Pass criteria: The application detects the GPC signal (client-side navigator.globalPrivacyControl === true or server-side Sec-GPC: 1 header) and automatically treats the consumer as having opted out of sale/sharing. Third-party advertising pixels and data sharing are suppressed when GPC is active. The privacy policy discloses that GPC is honored. At least 1 implementation must be confirmed.
Fail criteria: No GPC signal detection found anywhere in the codebase. GPC check exists but does not actually gate third-party sharing. GPC check only runs after third-party pixels have already initialized. Do NOT pass if GPC detection exists but runs after third-party pixels have already initialized on the same page load.
Skip (N/A) when: Application does not sell or share personal information with any third parties (including for cross-context behavioral advertising) — no pixels, no behavioral ad targeting, no data broker sharing.
Detail on fail: Example: "No GPC signal handling found. No check for navigator.globalPrivacyControl or Sec-GPC header in any middleware, layout, or analytics initialization code." or "GPC check found in lib/analytics.ts but executes after Facebook Pixel has already initialized on the same page load.".
Remediation: Implement GPC detection in middleware and analytics initialization:
// middleware.ts (Next.js) — server-side GPC detection
import { NextRequest, NextResponse } from 'next/server'
export function middleware(req: NextRequest) {
const gpc = req.headers.get('Sec-GPC')
const response = NextResponse.next()
if (gpc === '1') {
// Signal opt-out to client via cookie
response.cookies.set('ccpa_opt_out', '1', {
path: '/',
maxAge: 60 * 60 * 24 * 365, // 1 year
sameSite: 'lax',
})
}
return response
}
// lib/analytics.ts — client-side GPC check before loading any pixels
function isOptedOut(): boolean {
// Check GPC signal first (browser signal takes precedence)
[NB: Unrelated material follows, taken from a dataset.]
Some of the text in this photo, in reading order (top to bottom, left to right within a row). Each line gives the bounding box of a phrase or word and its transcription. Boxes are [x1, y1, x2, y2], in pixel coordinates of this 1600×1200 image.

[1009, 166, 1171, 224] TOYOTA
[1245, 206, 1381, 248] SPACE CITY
if (typeof navigator !== 'undefined' && navigator.globalPrivacyControl === true) {
return true
}
// Then check stored preference
if (typeof document !== 'undefined') {
return document.cookie.includes('ccpa_opt_out=1')
}
return false
}
export function initializeThirdPartyPixels() {
if (isOptedOut()) {
console.debug('[ccpa] Opt-out active — third-party sharing suppressed')
return
}
loadFacebookPixel()
loadGoogleAdsRemarketing()
// etc.
}
Add to your privacy policy: "We honor the Global Privacy Control (GPC) signal. If your browser sends a GPC signal, we will treat it as a request to opt out of the sale or sharing of your personal information."